• _Exercise requirements_: Your response should be an exact transcription of the data, images excluded.

[Dataset entries]
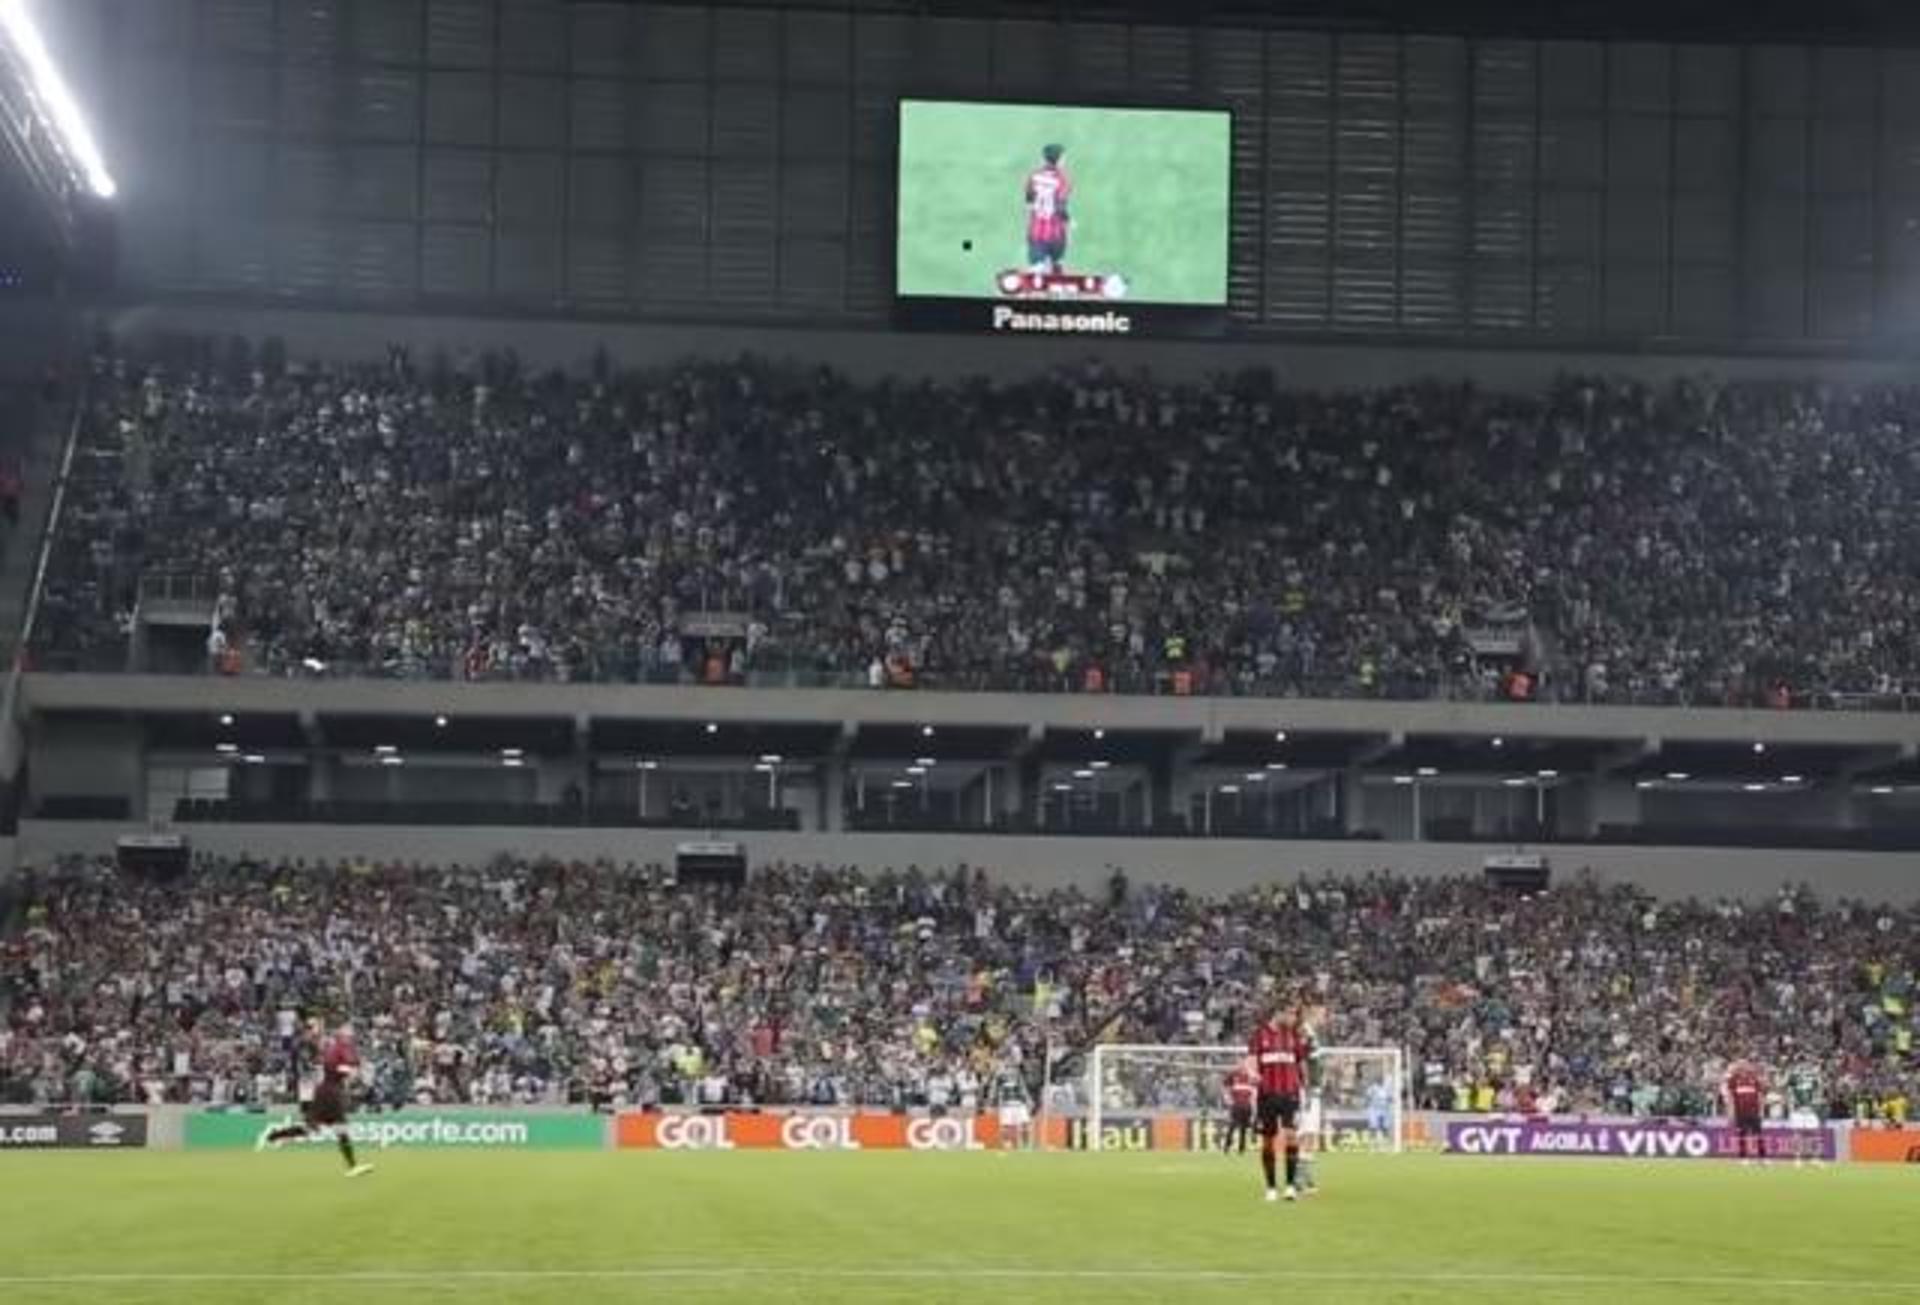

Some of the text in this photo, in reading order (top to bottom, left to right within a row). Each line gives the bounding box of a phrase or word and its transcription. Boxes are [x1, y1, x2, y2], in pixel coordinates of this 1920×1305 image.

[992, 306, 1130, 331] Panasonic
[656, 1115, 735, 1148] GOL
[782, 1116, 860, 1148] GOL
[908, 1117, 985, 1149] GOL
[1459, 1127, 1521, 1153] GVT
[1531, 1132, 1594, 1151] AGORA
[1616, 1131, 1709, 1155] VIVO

• _Result for this exercise_:
Some of the text in this photo, in reading order (top to bottom, left to right within a row). Each line gives the bounding box of a phrase or word and its transcription. Boxes are [x1, y1, x2, y2], in pixel coordinates of this 1920×1305 image.

[992, 306, 1130, 331] Panasonic
[656, 1115, 735, 1148] GOL
[782, 1116, 860, 1148] GOL
[908, 1117, 985, 1149] GOL
[1459, 1127, 1521, 1153] GVT
[1531, 1132, 1594, 1151] AGORA
[1616, 1131, 1709, 1155] VIVO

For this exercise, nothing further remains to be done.